Start of RECORDS SUPPLIED
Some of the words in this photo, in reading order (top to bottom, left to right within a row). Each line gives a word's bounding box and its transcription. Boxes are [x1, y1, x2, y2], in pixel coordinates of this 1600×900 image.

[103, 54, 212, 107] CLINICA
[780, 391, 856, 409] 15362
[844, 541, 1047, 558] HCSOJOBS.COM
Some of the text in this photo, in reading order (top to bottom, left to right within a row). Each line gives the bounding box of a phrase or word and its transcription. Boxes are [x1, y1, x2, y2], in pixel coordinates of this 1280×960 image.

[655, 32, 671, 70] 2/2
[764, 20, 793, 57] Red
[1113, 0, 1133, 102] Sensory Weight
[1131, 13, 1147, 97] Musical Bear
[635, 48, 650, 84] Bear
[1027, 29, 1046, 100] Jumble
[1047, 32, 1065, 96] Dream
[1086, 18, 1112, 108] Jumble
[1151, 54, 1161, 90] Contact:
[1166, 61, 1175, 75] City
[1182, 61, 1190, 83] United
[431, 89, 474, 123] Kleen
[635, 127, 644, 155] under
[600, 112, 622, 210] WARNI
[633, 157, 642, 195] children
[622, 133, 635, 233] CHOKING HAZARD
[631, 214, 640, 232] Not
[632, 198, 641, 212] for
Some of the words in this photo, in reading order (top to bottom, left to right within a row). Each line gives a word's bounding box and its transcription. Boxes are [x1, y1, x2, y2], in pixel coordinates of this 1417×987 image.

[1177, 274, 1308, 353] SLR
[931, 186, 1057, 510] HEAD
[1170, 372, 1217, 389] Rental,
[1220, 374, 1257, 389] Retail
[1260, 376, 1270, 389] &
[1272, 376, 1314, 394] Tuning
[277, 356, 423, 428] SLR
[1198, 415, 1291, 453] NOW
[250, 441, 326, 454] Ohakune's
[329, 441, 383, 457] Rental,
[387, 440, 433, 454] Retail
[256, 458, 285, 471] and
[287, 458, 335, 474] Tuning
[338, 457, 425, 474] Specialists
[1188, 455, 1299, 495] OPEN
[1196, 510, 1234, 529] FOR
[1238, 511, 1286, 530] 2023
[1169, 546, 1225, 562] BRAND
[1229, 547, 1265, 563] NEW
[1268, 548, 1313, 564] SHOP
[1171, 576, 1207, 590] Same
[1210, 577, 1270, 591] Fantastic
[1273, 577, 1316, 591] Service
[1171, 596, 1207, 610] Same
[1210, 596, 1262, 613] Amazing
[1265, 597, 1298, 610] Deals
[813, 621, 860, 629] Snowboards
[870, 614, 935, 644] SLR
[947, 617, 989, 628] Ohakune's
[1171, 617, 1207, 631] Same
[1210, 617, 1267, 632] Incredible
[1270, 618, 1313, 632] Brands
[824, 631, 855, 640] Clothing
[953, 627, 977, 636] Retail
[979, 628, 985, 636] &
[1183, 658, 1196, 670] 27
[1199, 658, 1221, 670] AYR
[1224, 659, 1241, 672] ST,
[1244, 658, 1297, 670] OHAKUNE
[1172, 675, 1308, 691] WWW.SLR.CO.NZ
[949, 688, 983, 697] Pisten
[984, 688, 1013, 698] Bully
End of RECORDS SUPPLIED
* [PROBLEM DESCRIPTION]
Return all the lines shown above, word for word.

* [RESULT FOR THIS EXERCISE]
Some of the words in this photo, in reading order (top to bottom, left to right within a row). Each line gives a word's bounding box and its transcription. Boxes are [x1, y1, x2, y2], in pixel coordinates of this 1600×900 image.

[103, 54, 212, 107] CLINICA
[780, 391, 856, 409] 15362
[844, 541, 1047, 558] HCSOJOBS.COM
Some of the text in this photo, in reading order (top to bottom, left to right within a row). Each line gives the bounding box of a phrase or word and its transcription. Boxes are [x1, y1, x2, y2], in pixel coordinates of this 1280×960 image.

[655, 32, 671, 70] 2/2
[764, 20, 793, 57] Red
[1113, 0, 1133, 102] Sensory Weight
[1131, 13, 1147, 97] Musical Bear
[635, 48, 650, 84] Bear
[1027, 29, 1046, 100] Jumble
[1047, 32, 1065, 96] Dream
[1086, 18, 1112, 108] Jumble
[1151, 54, 1161, 90] Contact:
[1166, 61, 1175, 75] City
[1182, 61, 1190, 83] United
[431, 89, 474, 123] Kleen
[635, 127, 644, 155] under
[600, 112, 622, 210] WARNI
[633, 157, 642, 195] children
[622, 133, 635, 233] CHOKING HAZARD
[631, 214, 640, 232] Not
[632, 198, 641, 212] for
Some of the words in this photo, in reading order (top to bottom, left to right within a row). Each line gives a word's bounding box and its transcription. Boxes are [x1, y1, x2, y2], in pixel coordinates of this 1417×987 image.

[1177, 274, 1308, 353] SLR
[931, 186, 1057, 510] HEAD
[1170, 372, 1217, 389] Rental,
[1220, 374, 1257, 389] Retail
[1260, 376, 1270, 389] &
[1272, 376, 1314, 394] Tuning
[277, 356, 423, 428] SLR
[1198, 415, 1291, 453] NOW
[250, 441, 326, 454] Ohakune's
[329, 441, 383, 457] Rental,
[387, 440, 433, 454] Retail
[256, 458, 285, 471] and
[287, 458, 335, 474] Tuning
[338, 457, 425, 474] Specialists
[1188, 455, 1299, 495] OPEN
[1196, 510, 1234, 529] FOR
[1238, 511, 1286, 530] 2023
[1169, 546, 1225, 562] BRAND
[1229, 547, 1265, 563] NEW
[1268, 548, 1313, 564] SHOP
[1171, 576, 1207, 590] Same
[1210, 577, 1270, 591] Fantastic
[1273, 577, 1316, 591] Service
[1171, 596, 1207, 610] Same
[1210, 596, 1262, 613] Amazing
[1265, 597, 1298, 610] Deals
[813, 621, 860, 629] Snowboards
[870, 614, 935, 644] SLR
[947, 617, 989, 628] Ohakune's
[1171, 617, 1207, 631] Same
[1210, 617, 1267, 632] Incredible
[1270, 618, 1313, 632] Brands
[824, 631, 855, 640] Clothing
[953, 627, 977, 636] Retail
[979, 628, 985, 636] &
[1183, 658, 1196, 670] 27
[1199, 658, 1221, 670] AYR
[1224, 659, 1241, 672] ST,
[1244, 658, 1297, 670] OHAKUNE
[1172, 675, 1308, 691] WWW.SLR.CO.NZ
[949, 688, 983, 697] Pisten
[984, 688, 1013, 698] Bully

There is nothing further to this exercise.